In the wake of former Sen. Phil Gramm's statements earlier this week about this being a nation full of whiners, the good folks at ABC's "Good Morning America" brought on a consumer psychologist Sunday to discuss whether or not the McCain advisor had a point.
Shockingly, not only did Kit Yarrow tell host Kate Snow that "the way consumers feel about things is very emotional," but also these "emotions are trumping reality" thereby creating a snowball which makes the economy worse.
Yarrow not only believes that things are "not as bad as consumers feel like it is," but also that the media are at fault because "everything is described as a crisis."

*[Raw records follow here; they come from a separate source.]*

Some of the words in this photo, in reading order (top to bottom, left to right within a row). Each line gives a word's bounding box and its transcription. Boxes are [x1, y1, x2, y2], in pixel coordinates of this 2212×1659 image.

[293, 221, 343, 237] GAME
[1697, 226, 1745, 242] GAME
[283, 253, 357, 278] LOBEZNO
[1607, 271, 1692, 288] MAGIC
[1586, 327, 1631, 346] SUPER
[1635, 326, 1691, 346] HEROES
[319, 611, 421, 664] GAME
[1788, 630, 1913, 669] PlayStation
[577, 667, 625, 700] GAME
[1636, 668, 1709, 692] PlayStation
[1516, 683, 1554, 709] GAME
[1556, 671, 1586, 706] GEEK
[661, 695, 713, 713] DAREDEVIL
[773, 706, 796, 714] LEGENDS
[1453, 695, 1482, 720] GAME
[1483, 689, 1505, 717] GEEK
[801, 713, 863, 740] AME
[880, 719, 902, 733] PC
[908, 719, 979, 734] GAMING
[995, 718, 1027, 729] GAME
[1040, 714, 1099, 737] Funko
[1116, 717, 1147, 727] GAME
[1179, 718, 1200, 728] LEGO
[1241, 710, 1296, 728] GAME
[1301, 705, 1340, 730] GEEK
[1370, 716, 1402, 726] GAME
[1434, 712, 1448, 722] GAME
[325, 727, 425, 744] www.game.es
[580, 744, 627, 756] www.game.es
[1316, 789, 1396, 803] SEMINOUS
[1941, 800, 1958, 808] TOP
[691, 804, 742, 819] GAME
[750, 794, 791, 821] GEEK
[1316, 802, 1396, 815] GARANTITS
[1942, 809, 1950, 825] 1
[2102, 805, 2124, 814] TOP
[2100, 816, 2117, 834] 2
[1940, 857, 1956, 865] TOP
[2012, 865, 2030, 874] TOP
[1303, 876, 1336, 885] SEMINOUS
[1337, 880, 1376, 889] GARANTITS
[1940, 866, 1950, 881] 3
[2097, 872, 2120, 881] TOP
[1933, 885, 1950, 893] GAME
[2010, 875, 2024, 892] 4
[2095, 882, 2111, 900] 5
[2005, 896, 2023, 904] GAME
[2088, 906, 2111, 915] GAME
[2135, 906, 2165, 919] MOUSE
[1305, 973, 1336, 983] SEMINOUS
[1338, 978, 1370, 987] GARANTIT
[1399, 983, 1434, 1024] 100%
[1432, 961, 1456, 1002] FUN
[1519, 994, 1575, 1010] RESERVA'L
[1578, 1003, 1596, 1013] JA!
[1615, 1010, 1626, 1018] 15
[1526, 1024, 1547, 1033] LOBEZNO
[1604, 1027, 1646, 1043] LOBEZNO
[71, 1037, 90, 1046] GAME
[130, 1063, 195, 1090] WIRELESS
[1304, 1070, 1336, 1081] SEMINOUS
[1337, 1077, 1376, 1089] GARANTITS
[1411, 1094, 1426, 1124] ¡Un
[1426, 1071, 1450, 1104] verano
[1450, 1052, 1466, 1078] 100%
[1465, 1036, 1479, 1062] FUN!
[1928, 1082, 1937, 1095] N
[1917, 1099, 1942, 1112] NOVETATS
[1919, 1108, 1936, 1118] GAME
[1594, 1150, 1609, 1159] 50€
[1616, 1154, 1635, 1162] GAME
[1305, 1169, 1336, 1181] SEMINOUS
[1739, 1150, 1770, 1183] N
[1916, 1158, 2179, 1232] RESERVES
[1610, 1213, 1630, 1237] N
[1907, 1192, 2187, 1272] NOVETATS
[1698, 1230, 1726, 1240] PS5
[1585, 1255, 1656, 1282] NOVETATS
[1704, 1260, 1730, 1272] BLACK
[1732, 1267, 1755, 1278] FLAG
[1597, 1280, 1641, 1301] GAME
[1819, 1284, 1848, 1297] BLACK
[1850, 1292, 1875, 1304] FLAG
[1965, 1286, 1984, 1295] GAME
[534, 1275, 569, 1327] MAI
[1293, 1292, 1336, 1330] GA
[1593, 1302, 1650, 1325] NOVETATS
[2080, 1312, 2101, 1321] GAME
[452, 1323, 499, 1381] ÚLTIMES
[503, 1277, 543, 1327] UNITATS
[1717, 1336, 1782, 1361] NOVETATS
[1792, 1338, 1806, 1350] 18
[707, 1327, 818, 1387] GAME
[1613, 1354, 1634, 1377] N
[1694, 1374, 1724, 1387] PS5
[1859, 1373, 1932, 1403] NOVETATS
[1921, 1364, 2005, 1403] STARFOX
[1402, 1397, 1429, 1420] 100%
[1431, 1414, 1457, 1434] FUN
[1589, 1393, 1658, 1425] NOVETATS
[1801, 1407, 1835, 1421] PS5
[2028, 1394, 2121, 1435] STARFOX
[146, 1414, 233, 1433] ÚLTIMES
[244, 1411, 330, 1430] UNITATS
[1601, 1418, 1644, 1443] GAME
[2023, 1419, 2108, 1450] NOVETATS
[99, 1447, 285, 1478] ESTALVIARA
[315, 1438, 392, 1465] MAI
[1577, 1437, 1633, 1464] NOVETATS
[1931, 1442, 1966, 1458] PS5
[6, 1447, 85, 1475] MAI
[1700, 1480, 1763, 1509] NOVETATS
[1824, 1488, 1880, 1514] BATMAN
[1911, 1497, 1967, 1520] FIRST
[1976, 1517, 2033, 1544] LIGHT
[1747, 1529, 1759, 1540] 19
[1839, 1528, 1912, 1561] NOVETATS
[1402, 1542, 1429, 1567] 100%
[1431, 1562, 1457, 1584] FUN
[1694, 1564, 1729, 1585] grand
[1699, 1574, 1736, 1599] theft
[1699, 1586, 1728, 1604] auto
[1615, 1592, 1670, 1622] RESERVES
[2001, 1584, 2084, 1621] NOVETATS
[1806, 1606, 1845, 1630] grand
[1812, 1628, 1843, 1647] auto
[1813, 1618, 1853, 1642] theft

What follows is a partial transcript of this rather shocking and refreshing exchange (video available here, photo courtesy ABCNews.com):
KATE SNOW, HOST: So, things are certainly bad for a lot of Americans. I don't think we want to discount that. But you say this is a psychological recession. What do you mean by that?
KIT YARROW, PSYCHOLOGIST: It's a snowball, really. I think the way that consumers feel about things is very emotional. And those emotions are trumping reality, creating this snowball where they're pulling back on spending which is then making our economy worse. It's not quite as bad as consumers feel like it is.
SNOW: How so? How is it not as bad as we think?
YARROW:Well, you know, we've had really great prosperity for the last few years. We've had very cheap gas. We've had a lot of increase in our home values. We've had it really pretty good as stock market increases. And, emotion is always caused by this mismatch between what we perceive and reality. Right now, I think there's a big mismatch between what we perceive should be, basically our expectations of the economy and now what we're getting. And that's causing people to feel fearful, and upset and angry. And, really, it's that emotion, the psychology that's contributing to our economy right now in a negative way.
SNOW: To fall on our sword here a little bit, do you think part of it's our fault, the media's fault for constantly talking about how bad things are?
YARROW: I do actually. Yeah, I have to say some of it does there. Everything is described as a crisis. And you know there's been a preponderance of information coming at consumers, I think just the volume of it. And, it's described in anecdotal terms as well, which causes consumers I think to feel especially fearful. When you describe an individual's personal situation, I think people empathize with that, and it makes them feel really afraid for their security as well.
SNOW: How much is about expectations though also, in terms of, things have been going so well for so long, do we sort of think that's what we deserved, and now things aren't going maybe quite as well, we suddenly think it's terrible?
YARROW: Absolutely. It's very well put. So I think we've become quite entitled to a sense that we're going to have continued prosperity, and, you know, if we hadn't had it so good for so long, I don't think there would be this level of emotion that's causing us to drawback on our spending. It's really more like, we expect it to be great growth, and you know any sort of normal growth is considered a catastrophe now.
SNOW: Which is not to say it's not painful to go to the gas pump and pay those prices. Well, thank you so much -- go ahead.
YARROW: I was going to say, and you know, gas prices and food prices in particular are causing people to be very emotional about it because every single day, they're aware of difficulties.
SNOW: Hits you right in the face.
YARROW: It does.
SNOW: Kit yarrow thanks for being with us. Very interesting.Interesting indeed.